A telegraphed, orderly move is a non-event. A surprise, coupled with thin markets and crowded positioning, can trigger volatility that cascades.
To better understand the potential implications, investors should closely monitor the April 27-28 BoJ statement and Outlook Report. Not just the decision, but the language around future hikes and inflation expectations.
Additionally, it is important to monitor USDJPY implied volatility, not just the spot rate, as volatility is the accelerant.
Watching CFTC positioning data for extremes in yen shorts, which can fuel squeezes, is also advised. Lastly, following TIC data for signs of Japanese Treasury repatriation, even if the flow is gradual.
Bitcoin’s role in this dynamic is clear: it’s liquid, it’s levered, and it’s treated as risk collateral by the same macro traders who run yen carry strategies.
When those trades unwind violently, Bitcoin sells off. However, when they unwind gradually (or don’t unwind at all), Bitcoin’s correlation to traditional risk assets weakens, and it trades more on its own supply dynamics and institutional adoption trajectory.
The BoJ hike to 1% is real. The risk of a carry unwind is real.
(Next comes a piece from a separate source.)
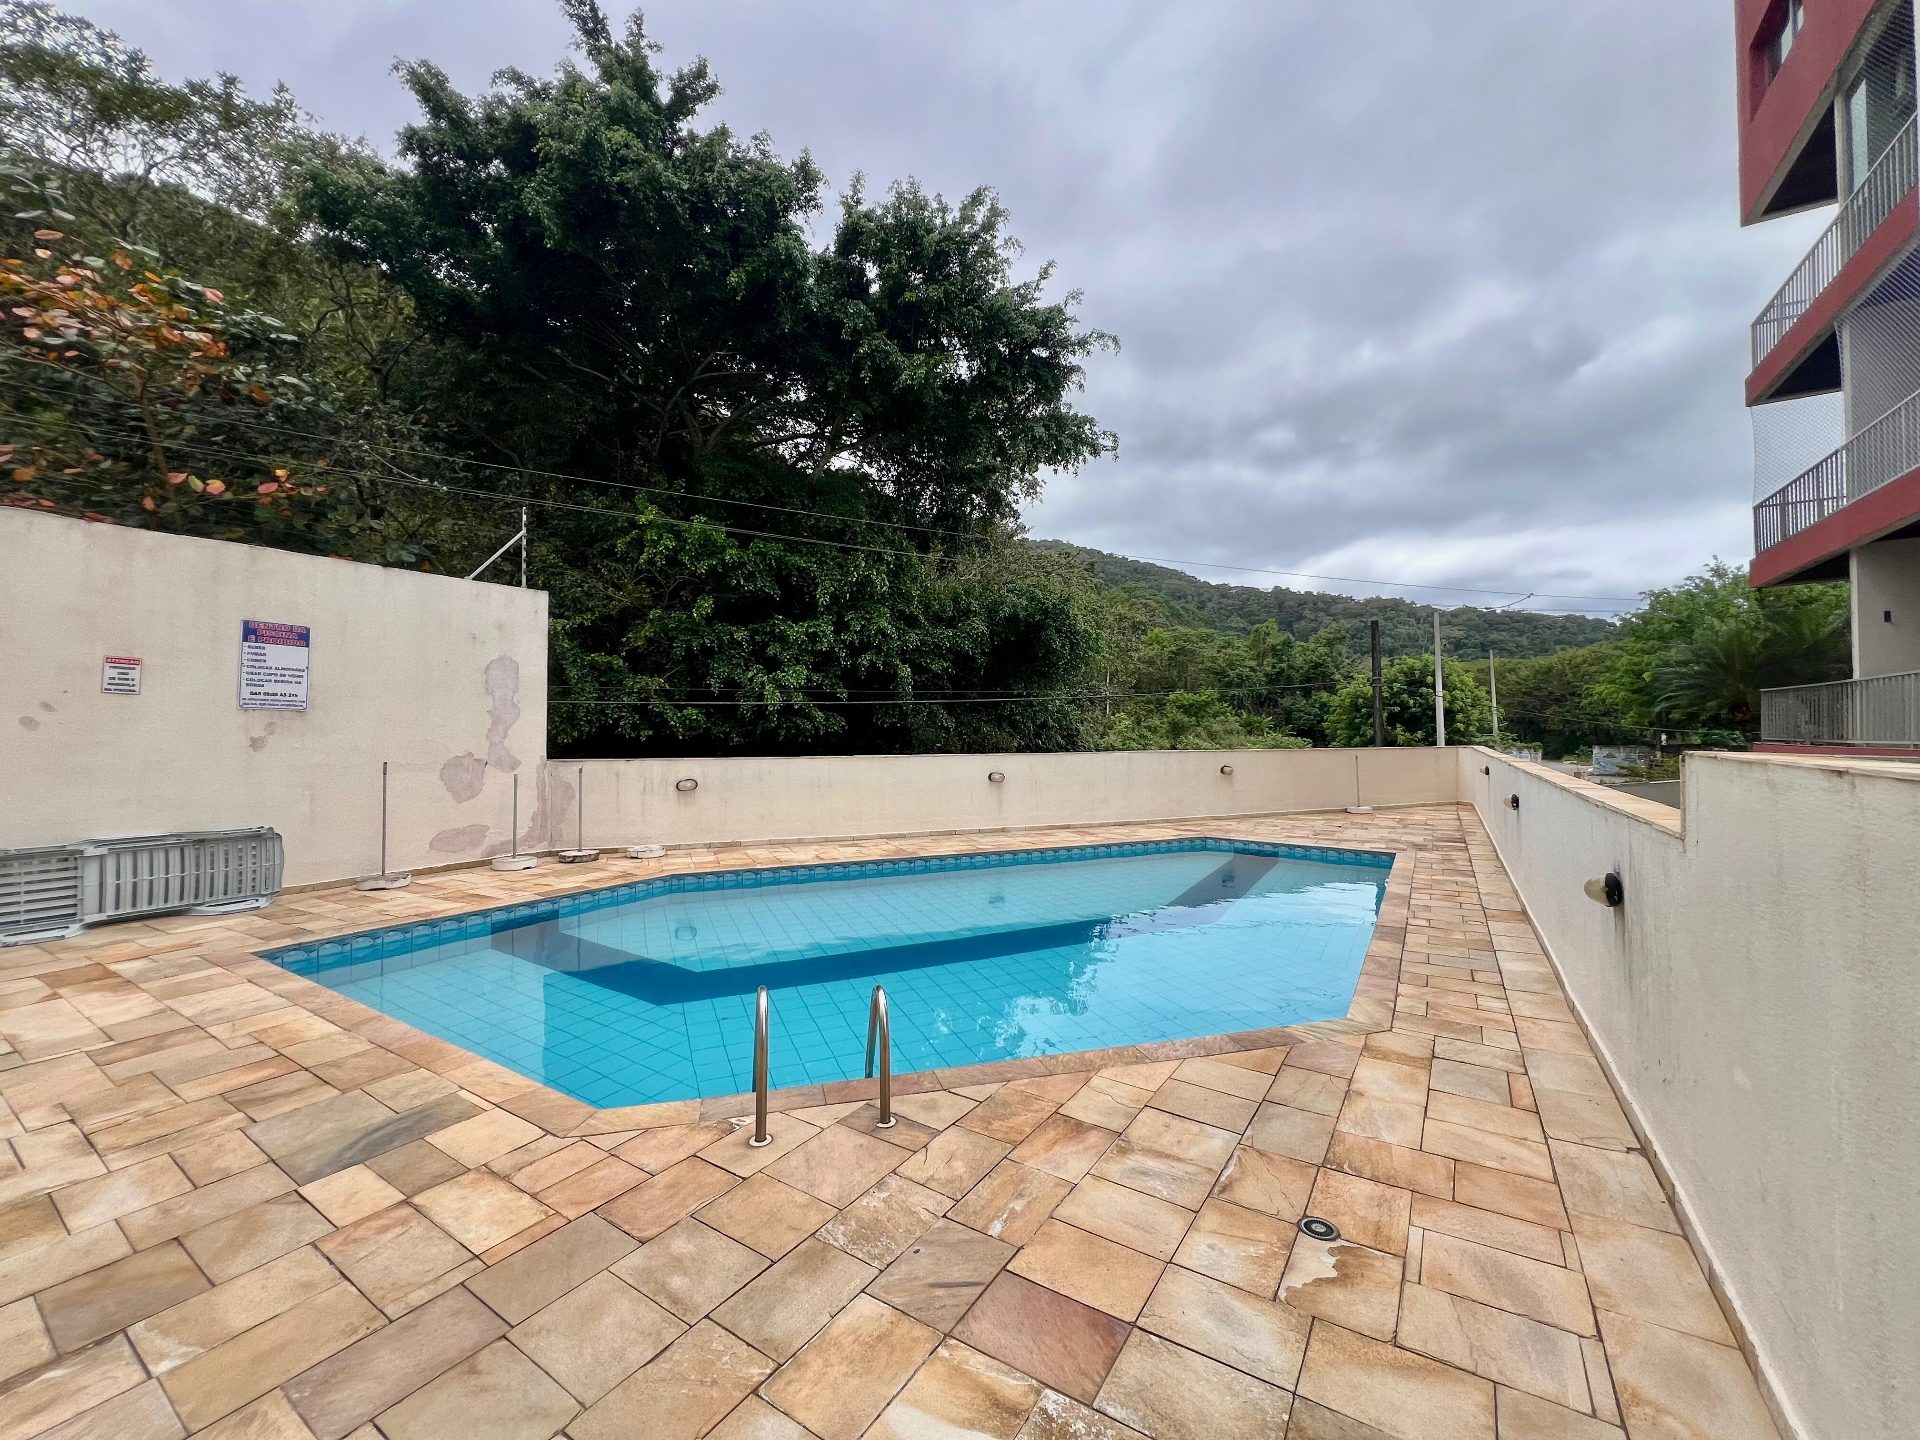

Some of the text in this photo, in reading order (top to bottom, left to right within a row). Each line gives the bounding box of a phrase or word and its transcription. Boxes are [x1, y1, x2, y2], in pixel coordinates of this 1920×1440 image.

But the risk is conditional, not inevitable.
Markets have priced in a high probability of the move, thereby diffusing some of the surprise premium.
The question now is whether the path beyond 1% looks gradual or accelerated, and whether global liquidity conditions can absorb the adjustment without breaking.
For Bitcoin, that’s the difference between a volatility event to monitor and a systemic shock to prepare for.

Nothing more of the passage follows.